╔══

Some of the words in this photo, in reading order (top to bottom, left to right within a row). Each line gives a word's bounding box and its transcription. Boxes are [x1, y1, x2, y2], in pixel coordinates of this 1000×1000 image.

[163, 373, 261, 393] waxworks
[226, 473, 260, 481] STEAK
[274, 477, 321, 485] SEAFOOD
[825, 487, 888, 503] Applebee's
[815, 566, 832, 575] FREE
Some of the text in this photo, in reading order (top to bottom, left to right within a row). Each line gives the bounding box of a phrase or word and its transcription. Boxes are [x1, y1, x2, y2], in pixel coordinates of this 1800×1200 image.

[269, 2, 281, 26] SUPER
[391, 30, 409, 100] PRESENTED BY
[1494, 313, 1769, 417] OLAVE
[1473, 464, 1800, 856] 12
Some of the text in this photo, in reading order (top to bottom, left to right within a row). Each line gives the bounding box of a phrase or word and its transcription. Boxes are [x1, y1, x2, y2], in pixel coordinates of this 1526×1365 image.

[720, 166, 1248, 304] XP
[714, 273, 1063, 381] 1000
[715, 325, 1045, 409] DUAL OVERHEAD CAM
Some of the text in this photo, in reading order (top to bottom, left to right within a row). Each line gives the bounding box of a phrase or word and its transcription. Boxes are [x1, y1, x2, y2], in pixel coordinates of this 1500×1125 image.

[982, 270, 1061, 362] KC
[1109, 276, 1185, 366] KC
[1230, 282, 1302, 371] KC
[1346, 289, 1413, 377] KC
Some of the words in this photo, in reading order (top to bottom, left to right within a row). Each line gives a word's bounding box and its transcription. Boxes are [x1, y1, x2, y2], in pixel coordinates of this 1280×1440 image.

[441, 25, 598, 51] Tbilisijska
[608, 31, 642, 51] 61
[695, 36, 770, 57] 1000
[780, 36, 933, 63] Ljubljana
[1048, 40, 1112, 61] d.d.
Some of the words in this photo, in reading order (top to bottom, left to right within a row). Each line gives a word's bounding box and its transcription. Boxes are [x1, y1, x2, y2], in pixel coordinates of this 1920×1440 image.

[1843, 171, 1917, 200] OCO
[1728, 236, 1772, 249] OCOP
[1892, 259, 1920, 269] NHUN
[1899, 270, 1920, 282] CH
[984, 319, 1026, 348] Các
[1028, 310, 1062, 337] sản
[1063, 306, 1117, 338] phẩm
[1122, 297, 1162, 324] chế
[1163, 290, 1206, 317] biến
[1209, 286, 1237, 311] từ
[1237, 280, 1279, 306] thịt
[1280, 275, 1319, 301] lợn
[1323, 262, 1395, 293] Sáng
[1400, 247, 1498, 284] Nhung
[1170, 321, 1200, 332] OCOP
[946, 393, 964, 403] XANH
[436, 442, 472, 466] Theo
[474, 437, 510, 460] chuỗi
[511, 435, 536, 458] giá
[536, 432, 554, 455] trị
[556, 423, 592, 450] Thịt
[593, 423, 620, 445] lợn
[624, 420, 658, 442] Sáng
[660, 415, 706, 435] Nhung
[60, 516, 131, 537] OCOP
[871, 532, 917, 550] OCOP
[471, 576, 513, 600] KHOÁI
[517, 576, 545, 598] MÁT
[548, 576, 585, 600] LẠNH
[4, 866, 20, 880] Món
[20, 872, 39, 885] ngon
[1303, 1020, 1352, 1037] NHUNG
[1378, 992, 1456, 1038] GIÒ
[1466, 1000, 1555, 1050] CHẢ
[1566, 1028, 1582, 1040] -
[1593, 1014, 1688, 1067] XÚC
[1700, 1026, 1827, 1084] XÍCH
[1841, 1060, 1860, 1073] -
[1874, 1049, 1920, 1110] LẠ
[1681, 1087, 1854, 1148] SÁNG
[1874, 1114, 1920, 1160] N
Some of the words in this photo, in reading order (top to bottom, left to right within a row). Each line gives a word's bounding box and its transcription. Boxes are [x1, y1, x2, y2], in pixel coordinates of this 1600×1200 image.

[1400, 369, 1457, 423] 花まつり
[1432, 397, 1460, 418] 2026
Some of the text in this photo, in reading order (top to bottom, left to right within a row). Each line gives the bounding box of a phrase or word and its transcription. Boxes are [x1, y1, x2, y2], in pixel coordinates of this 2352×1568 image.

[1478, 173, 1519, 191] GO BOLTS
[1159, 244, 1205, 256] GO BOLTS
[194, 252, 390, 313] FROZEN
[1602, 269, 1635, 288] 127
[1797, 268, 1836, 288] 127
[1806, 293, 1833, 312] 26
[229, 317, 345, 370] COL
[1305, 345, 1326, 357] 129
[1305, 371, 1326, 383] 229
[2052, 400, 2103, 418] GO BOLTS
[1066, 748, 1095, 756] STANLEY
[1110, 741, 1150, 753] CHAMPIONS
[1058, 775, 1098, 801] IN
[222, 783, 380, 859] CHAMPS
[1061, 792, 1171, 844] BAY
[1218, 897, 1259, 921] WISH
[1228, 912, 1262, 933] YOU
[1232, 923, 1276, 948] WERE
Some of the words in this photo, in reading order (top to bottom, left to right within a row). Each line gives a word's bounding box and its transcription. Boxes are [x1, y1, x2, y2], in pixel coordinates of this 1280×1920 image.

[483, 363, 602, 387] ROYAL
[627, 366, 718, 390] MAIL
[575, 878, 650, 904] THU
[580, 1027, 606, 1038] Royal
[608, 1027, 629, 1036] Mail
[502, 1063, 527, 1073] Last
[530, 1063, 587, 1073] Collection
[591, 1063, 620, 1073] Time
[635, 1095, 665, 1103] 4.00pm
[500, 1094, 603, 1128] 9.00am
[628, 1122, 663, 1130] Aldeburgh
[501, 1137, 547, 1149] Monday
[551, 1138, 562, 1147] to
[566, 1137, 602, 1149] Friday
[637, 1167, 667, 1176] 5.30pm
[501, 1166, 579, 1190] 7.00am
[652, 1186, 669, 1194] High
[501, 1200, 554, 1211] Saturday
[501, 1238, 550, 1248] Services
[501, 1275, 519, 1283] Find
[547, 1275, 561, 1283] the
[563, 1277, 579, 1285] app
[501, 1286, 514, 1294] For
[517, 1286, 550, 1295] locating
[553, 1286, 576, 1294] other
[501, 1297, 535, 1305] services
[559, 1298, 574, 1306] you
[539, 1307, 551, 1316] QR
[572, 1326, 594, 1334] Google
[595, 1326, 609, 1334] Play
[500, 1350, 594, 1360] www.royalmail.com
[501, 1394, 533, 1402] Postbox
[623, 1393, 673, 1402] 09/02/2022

╚══

» Activity
Set down the whole listing again. Keep every word as it is.

» Result of the exercise
Some of the words in this photo, in reading order (top to bottom, left to right within a row). Each line gives a word's bounding box and its transcription. Boxes are [x1, y1, x2, y2], in pixel coordinates of this 1000×1000 image.

[163, 373, 261, 393] waxworks
[226, 473, 260, 481] STEAK
[274, 477, 321, 485] SEAFOOD
[825, 487, 888, 503] Applebee's
[815, 566, 832, 575] FREE
Some of the text in this photo, in reading order (top to bottom, left to right within a row). Each line gives the bounding box of a phrase or word and its transcription. Boxes are [x1, y1, x2, y2], in pixel coordinates of this 1800×1200 image.

[269, 2, 281, 26] SUPER
[391, 30, 409, 100] PRESENTED BY
[1494, 313, 1769, 417] OLAVE
[1473, 464, 1800, 856] 12
Some of the text in this photo, in reading order (top to bottom, left to right within a row). Each line gives the bounding box of a phrase or word and its transcription. Boxes are [x1, y1, x2, y2], in pixel coordinates of this 1526×1365 image.

[720, 166, 1248, 304] XP
[714, 273, 1063, 381] 1000
[715, 325, 1045, 409] DUAL OVERHEAD CAM
Some of the text in this photo, in reading order (top to bottom, left to right within a row). Each line gives the bounding box of a phrase or word and its transcription. Boxes are [x1, y1, x2, y2], in pixel coordinates of this 1500×1125 image.

[982, 270, 1061, 362] KC
[1109, 276, 1185, 366] KC
[1230, 282, 1302, 371] KC
[1346, 289, 1413, 377] KC
Some of the words in this photo, in reading order (top to bottom, left to right within a row). Each line gives a word's bounding box and its transcription. Boxes are [x1, y1, x2, y2], in pixel coordinates of this 1280×1440 image.

[441, 25, 598, 51] Tbilisijska
[608, 31, 642, 51] 61
[695, 36, 770, 57] 1000
[780, 36, 933, 63] Ljubljana
[1048, 40, 1112, 61] d.d.
Some of the words in this photo, in reading order (top to bottom, left to right within a row). Each line gives a word's bounding box and its transcription. Boxes are [x1, y1, x2, y2], in pixel coordinates of this 1920×1440 image.

[1843, 171, 1917, 200] OCO
[1728, 236, 1772, 249] OCOP
[1892, 259, 1920, 269] NHUN
[1899, 270, 1920, 282] CH
[984, 319, 1026, 348] Các
[1028, 310, 1062, 337] sản
[1063, 306, 1117, 338] phẩm
[1122, 297, 1162, 324] chế
[1163, 290, 1206, 317] biến
[1209, 286, 1237, 311] từ
[1237, 280, 1279, 306] thịt
[1280, 275, 1319, 301] lợn
[1323, 262, 1395, 293] Sáng
[1400, 247, 1498, 284] Nhung
[1170, 321, 1200, 332] OCOP
[946, 393, 964, 403] XANH
[436, 442, 472, 466] Theo
[474, 437, 510, 460] chuỗi
[511, 435, 536, 458] giá
[536, 432, 554, 455] trị
[556, 423, 592, 450] Thịt
[593, 423, 620, 445] lợn
[624, 420, 658, 442] Sáng
[660, 415, 706, 435] Nhung
[60, 516, 131, 537] OCOP
[871, 532, 917, 550] OCOP
[471, 576, 513, 600] KHOÁI
[517, 576, 545, 598] MÁT
[548, 576, 585, 600] LẠNH
[4, 866, 20, 880] Món
[20, 872, 39, 885] ngon
[1303, 1020, 1352, 1037] NHUNG
[1378, 992, 1456, 1038] GIÒ
[1466, 1000, 1555, 1050] CHẢ
[1566, 1028, 1582, 1040] -
[1593, 1014, 1688, 1067] XÚC
[1700, 1026, 1827, 1084] XÍCH
[1841, 1060, 1860, 1073] -
[1874, 1049, 1920, 1110] LẠ
[1681, 1087, 1854, 1148] SÁNG
[1874, 1114, 1920, 1160] N
Some of the words in this photo, in reading order (top to bottom, left to right within a row). Each line gives a word's bounding box and its transcription. Boxes are [x1, y1, x2, y2], in pixel coordinates of this 1600×1200 image.

[1400, 369, 1457, 423] 花まつり
[1432, 397, 1460, 418] 2026
Some of the text in this photo, in reading order (top to bottom, left to right within a row). Each line gives the bounding box of a phrase or word and its transcription. Boxes are [x1, y1, x2, y2], in pixel coordinates of this 2352×1568 image.

[1478, 173, 1519, 191] GO BOLTS
[1159, 244, 1205, 256] GO BOLTS
[194, 252, 390, 313] FROZEN
[1602, 269, 1635, 288] 127
[1797, 268, 1836, 288] 127
[1806, 293, 1833, 312] 26
[229, 317, 345, 370] COL
[1305, 345, 1326, 357] 129
[1305, 371, 1326, 383] 229
[2052, 400, 2103, 418] GO BOLTS
[1066, 748, 1095, 756] STANLEY
[1110, 741, 1150, 753] CHAMPIONS
[1058, 775, 1098, 801] IN
[222, 783, 380, 859] CHAMPS
[1061, 792, 1171, 844] BAY
[1218, 897, 1259, 921] WISH
[1228, 912, 1262, 933] YOU
[1232, 923, 1276, 948] WERE
Some of the words in this photo, in reading order (top to bottom, left to right within a row). Each line gives a word's bounding box and its transcription. Boxes are [x1, y1, x2, y2], in pixel coordinates of this 1280×1920 image.

[483, 363, 602, 387] ROYAL
[627, 366, 718, 390] MAIL
[575, 878, 650, 904] THU
[580, 1027, 606, 1038] Royal
[608, 1027, 629, 1036] Mail
[502, 1063, 527, 1073] Last
[530, 1063, 587, 1073] Collection
[591, 1063, 620, 1073] Time
[635, 1095, 665, 1103] 4.00pm
[500, 1094, 603, 1128] 9.00am
[628, 1122, 663, 1130] Aldeburgh
[501, 1137, 547, 1149] Monday
[551, 1138, 562, 1147] to
[566, 1137, 602, 1149] Friday
[637, 1167, 667, 1176] 5.30pm
[501, 1166, 579, 1190] 7.00am
[652, 1186, 669, 1194] High
[501, 1200, 554, 1211] Saturday
[501, 1238, 550, 1248] Services
[501, 1275, 519, 1283] Find
[547, 1275, 561, 1283] the
[563, 1277, 579, 1285] app
[501, 1286, 514, 1294] For
[517, 1286, 550, 1295] locating
[553, 1286, 576, 1294] other
[501, 1297, 535, 1305] services
[559, 1298, 574, 1306] you
[539, 1307, 551, 1316] QR
[572, 1326, 594, 1334] Google
[595, 1326, 609, 1334] Play
[500, 1350, 594, 1360] www.royalmail.com
[501, 1394, 533, 1402] Postbox
[623, 1393, 673, 1402] 09/02/2022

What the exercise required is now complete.